Like most weekend players, my weaker shot was the backhand. During a rally, the tennis pro hit a shot deep into my backhand corner. He then came to the net, putting even more pressure on me. Amazingly, I hit a great passing shot that landed deep in the court and just inside the line. After making that shot, the pro called me to the net. I was sure he was going to compliment me. Instead, what he said was, “That shot will be your worst enemy.” He explained that while it was an exceptional shot, it was not a high-percentage one for a good weekend player like me. Remembering how good that shot felt, I tried to repeat it. Unfortunately, I was rarely successful. He pointed out that while he could make that shot perhaps 90% of the time, I was likely to make it less than 10% of the time. The pro then asked me if I’d rather make great shots or win matches. Up until that point, I thought that one led to the other.

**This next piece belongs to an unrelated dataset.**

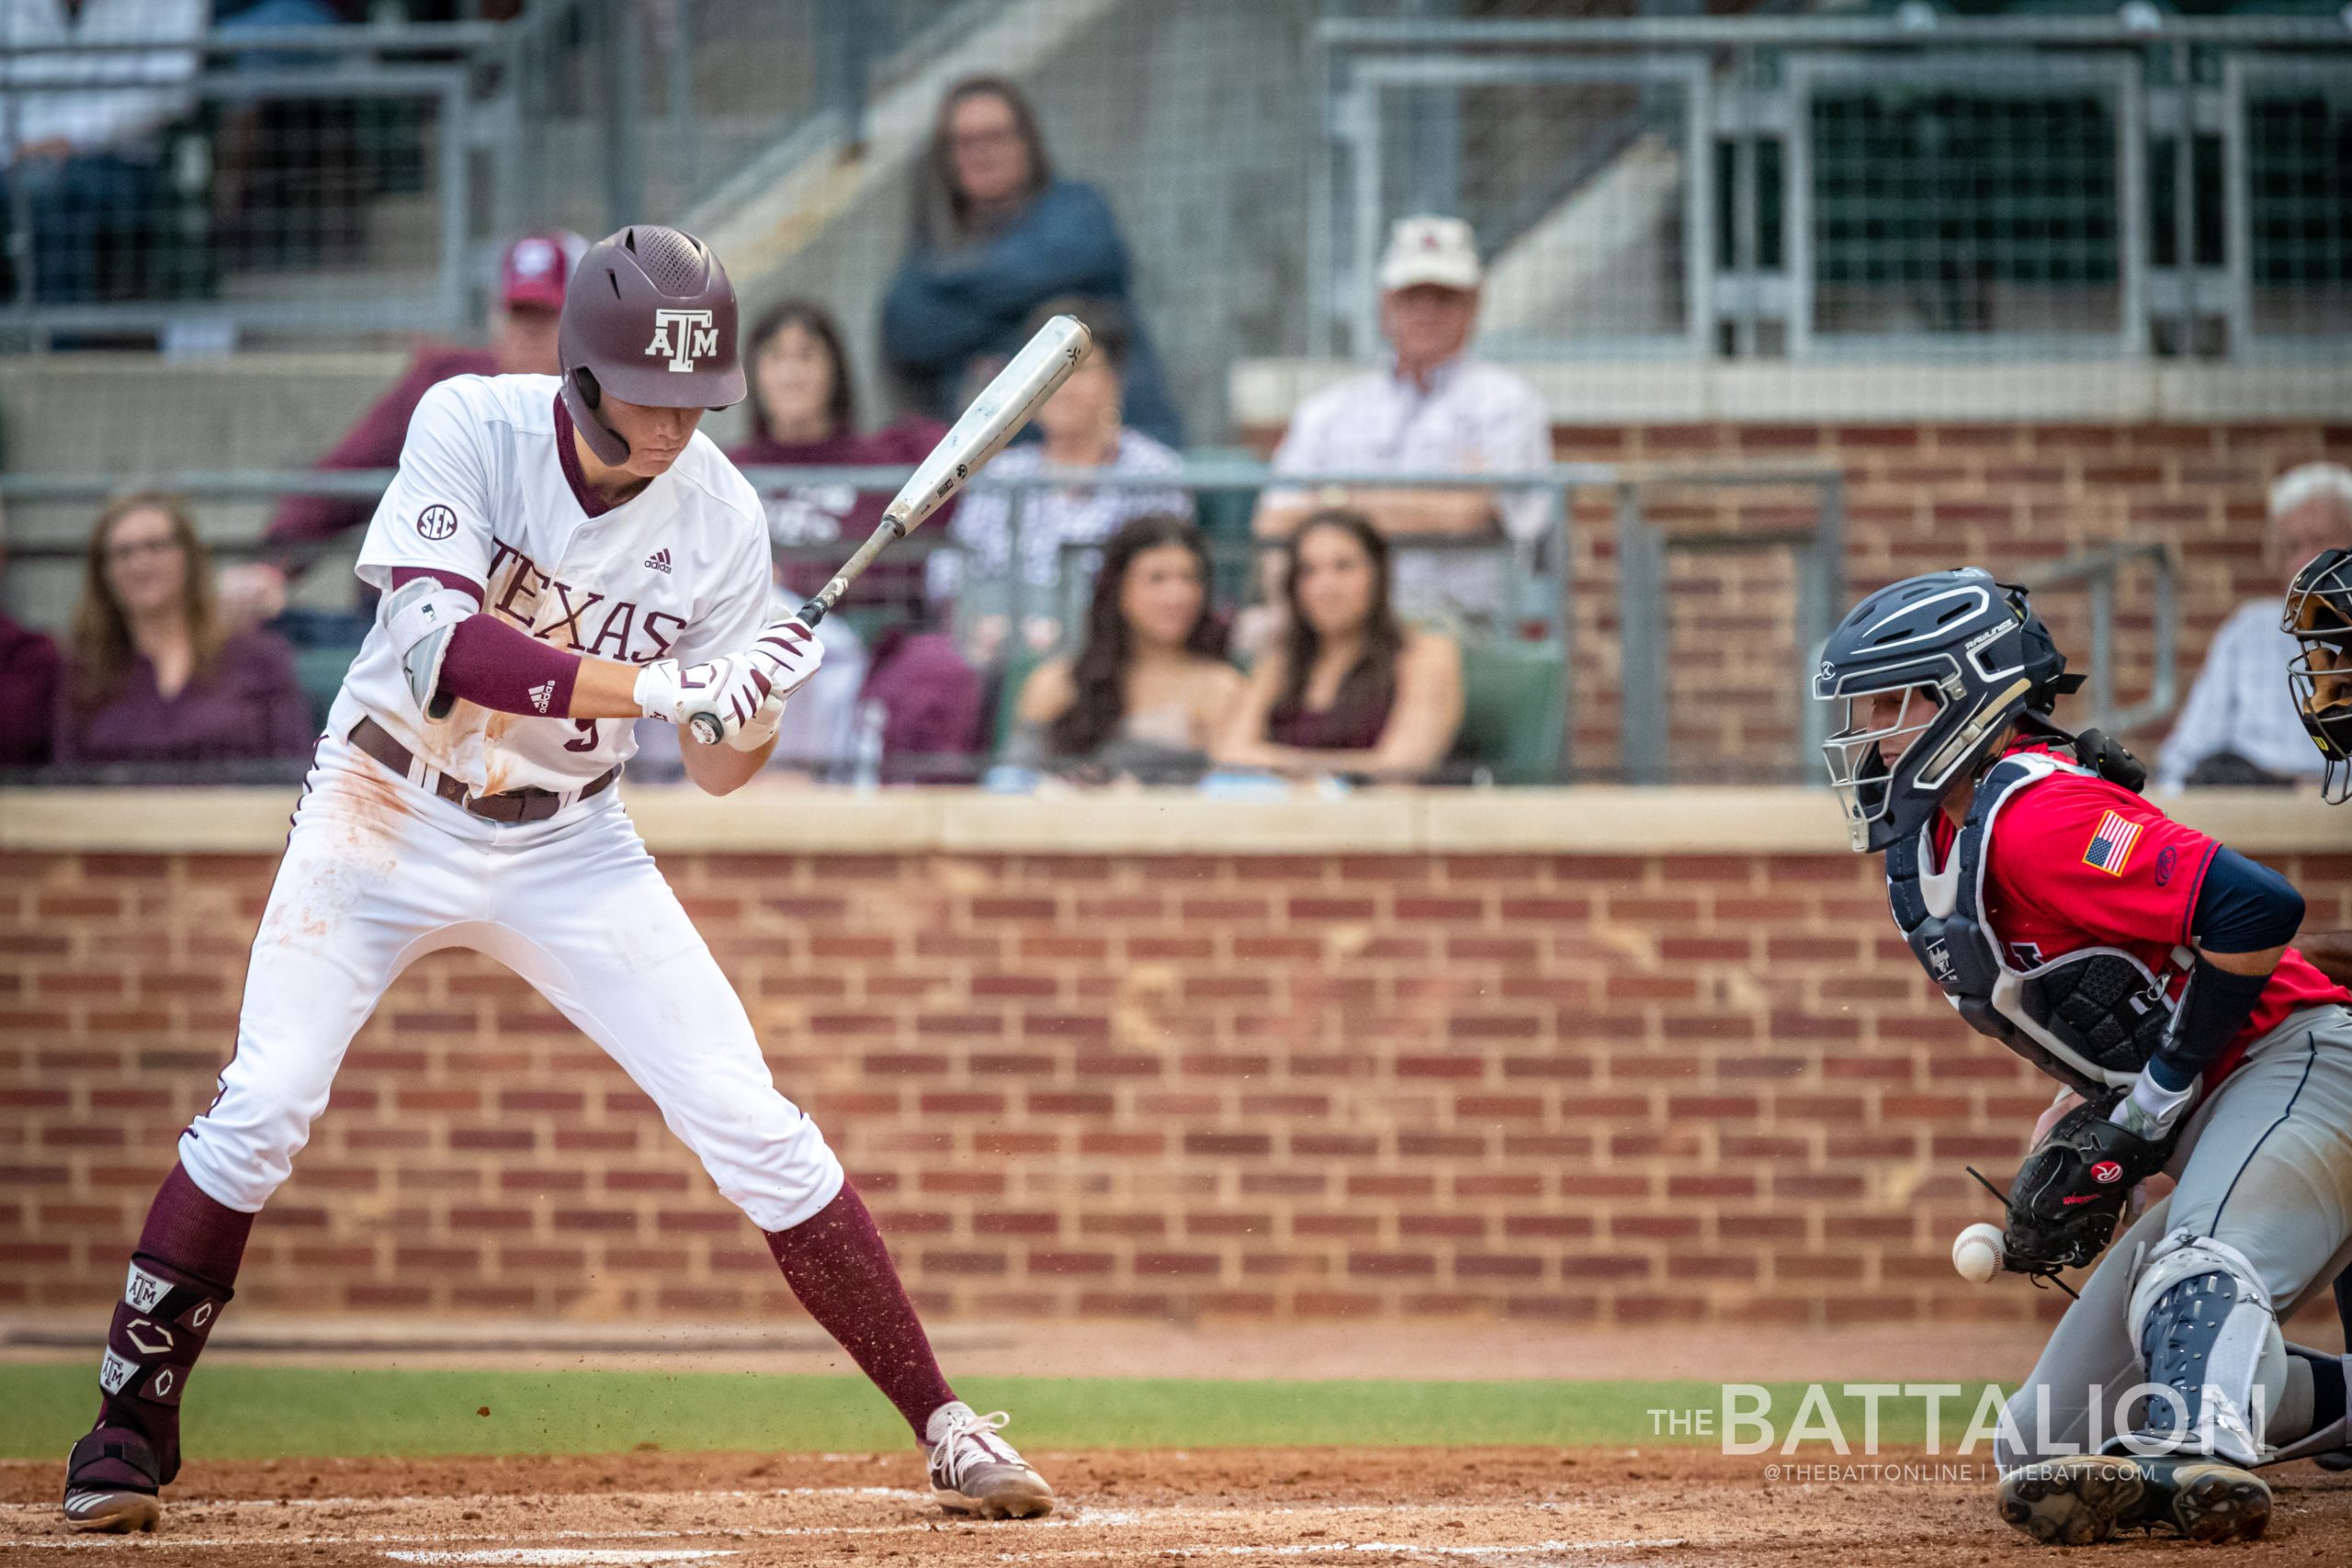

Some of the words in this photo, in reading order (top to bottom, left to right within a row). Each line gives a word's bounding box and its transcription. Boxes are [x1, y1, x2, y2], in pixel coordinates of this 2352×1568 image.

[419, 506, 455, 539] SEC
[644, 559, 672, 575] adidas
[487, 535, 687, 663] TEXAS
[538, 680, 556, 714] adidas

The pro taught me otherwise.
He explained that in the game played by weekend warriors like me, most points are not won by hitting shots that can’t be returned by the opponent. Instead, most points are lost when balls are hit into the net, long, or outside the lines in a failed attempt to hit those exceptional winning shots. That is why this type of strategy produces what is called a “loser’s game.” The pro was also polite enough to say that it’s not the people who play the game who are losers.
It’s the strategy they’re following.
To improve my results, the pro told me that to find the winning strategy, I had to understand the type of game I was playing. Since, unlike professional tennis players, I’m not capable of consistently hitting winning shots, I was playing a loser’s game. Instead of trying to hit winners (and likely hitting the ball long, wide, or into the net), he said I should just try to safely hit the ball back, with a bit of pace, and use the middle of the court – and let the opponent play the loser’s game. Recognizing the brilliance of his advice, I immediately put it to work, with astonishingly good results. I was now regularly beating players who had previously beaten me.

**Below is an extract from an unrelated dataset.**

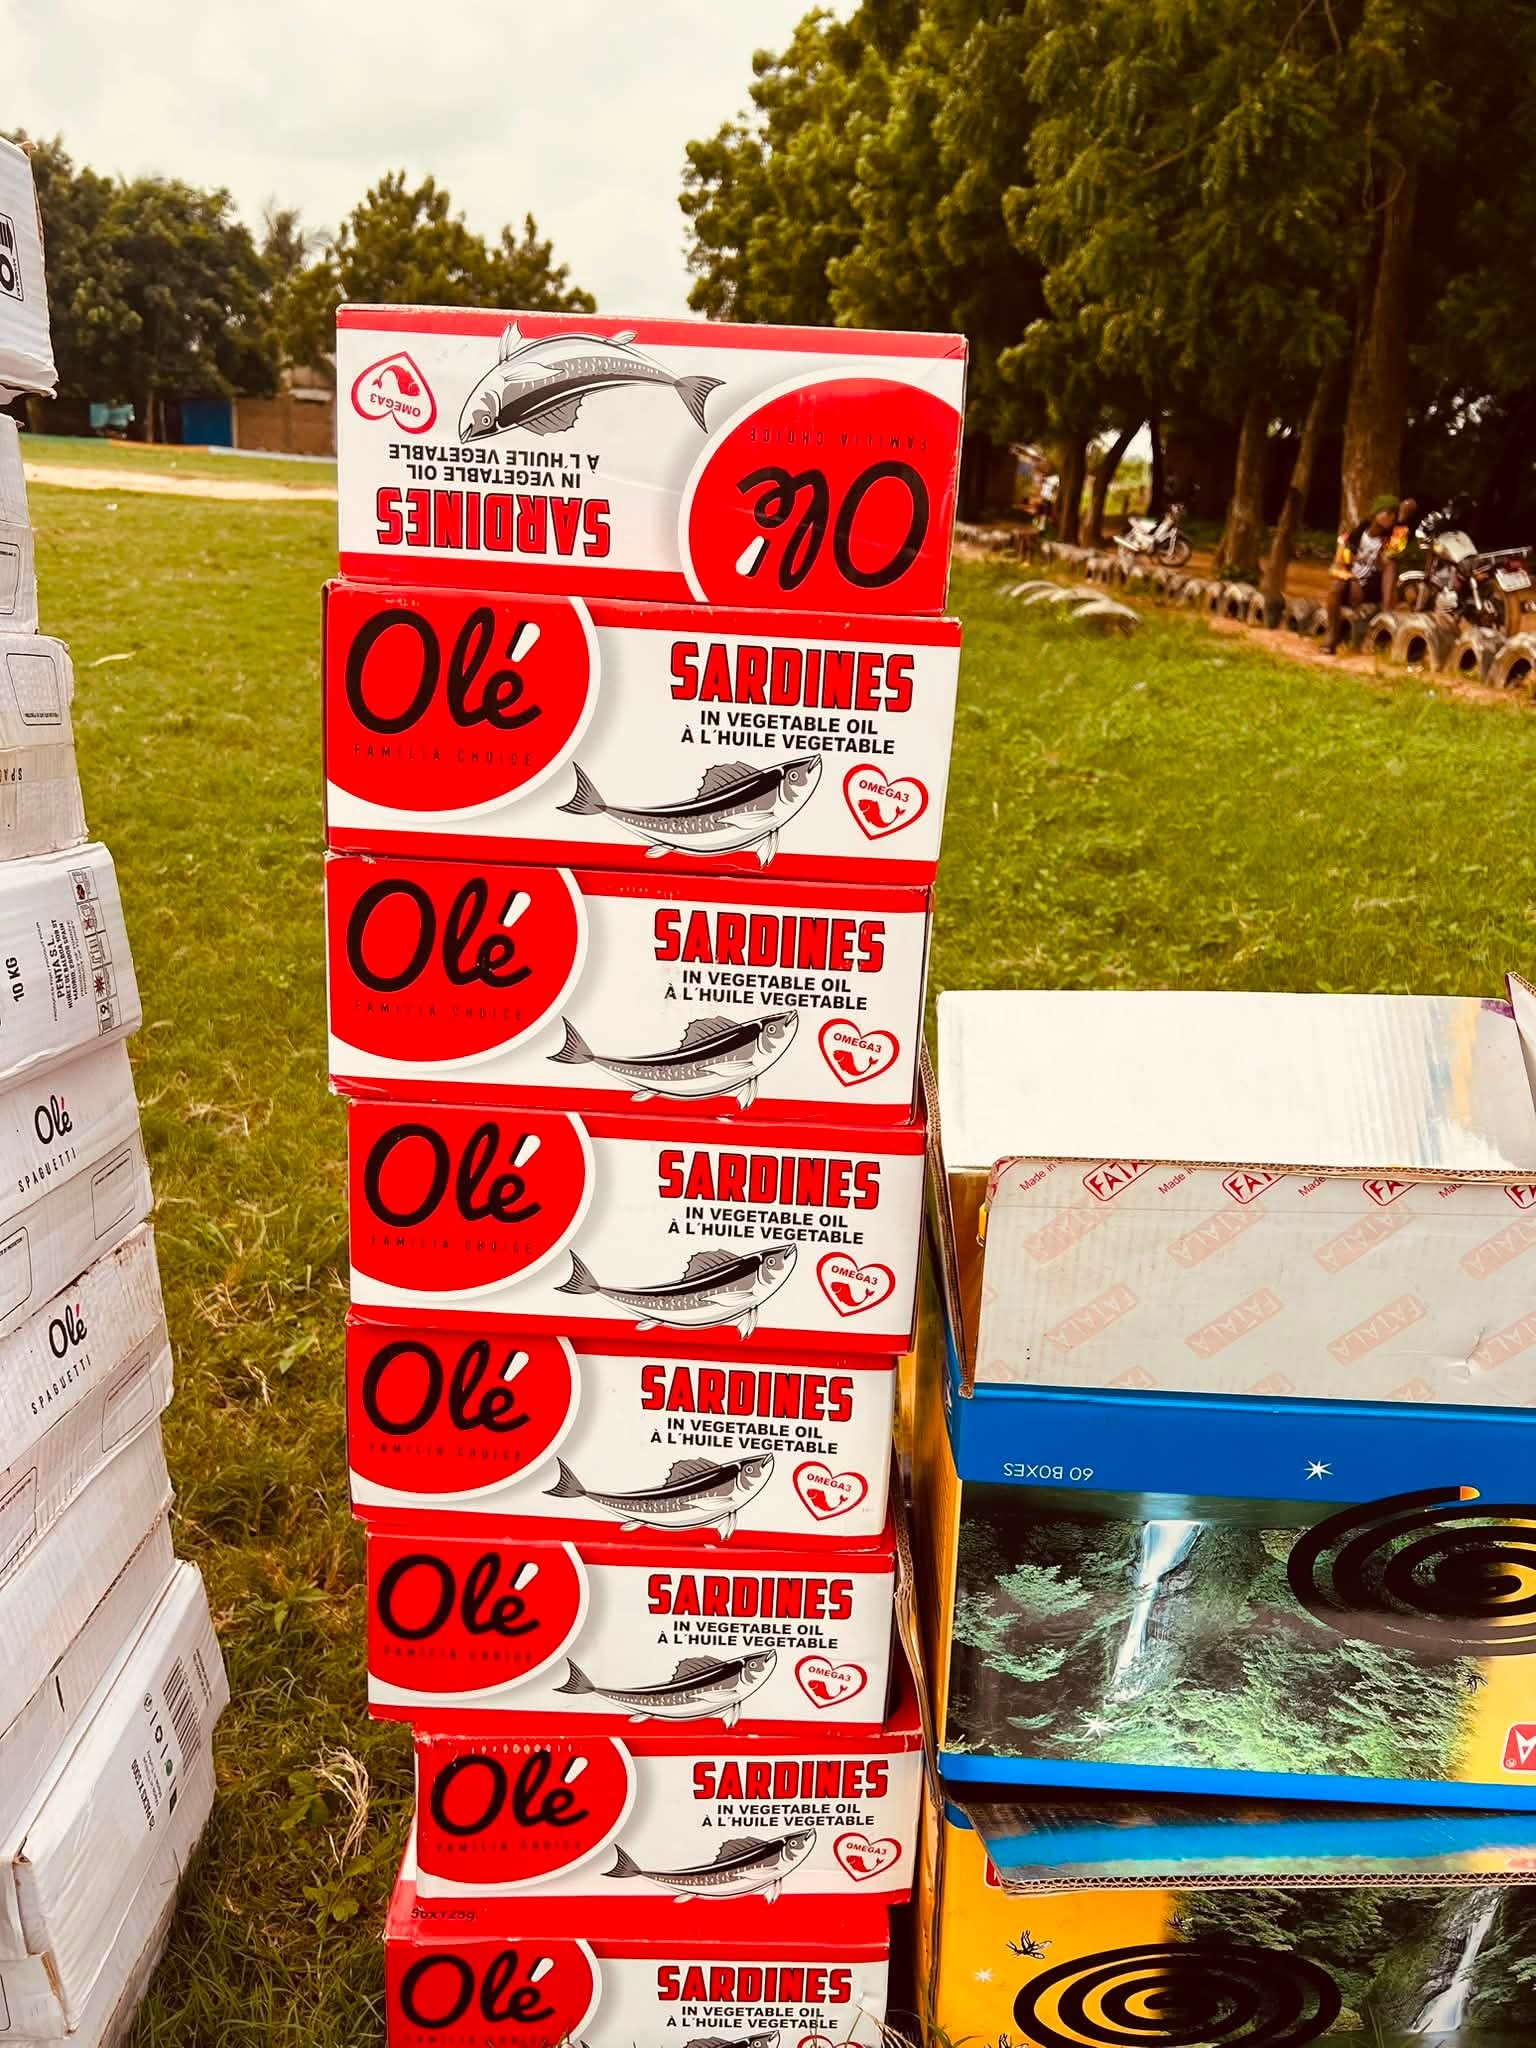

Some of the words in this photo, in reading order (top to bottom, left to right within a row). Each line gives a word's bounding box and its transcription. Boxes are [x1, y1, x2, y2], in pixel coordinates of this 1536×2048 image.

What does tennis have to do with investing?
Consistently successful investing requires a successful strategy. The majority of individual investors (and most professionals) try to beat the market. They do so by attempting to uncover individual securities they believe the rest of the market has somehow mispriced (the price is too high or too low). They also try to time their investment decisions so that they are buying when the market is “undervalued” and selling when it is “overvalued.” Such a strategy is known as “active portfolio management.”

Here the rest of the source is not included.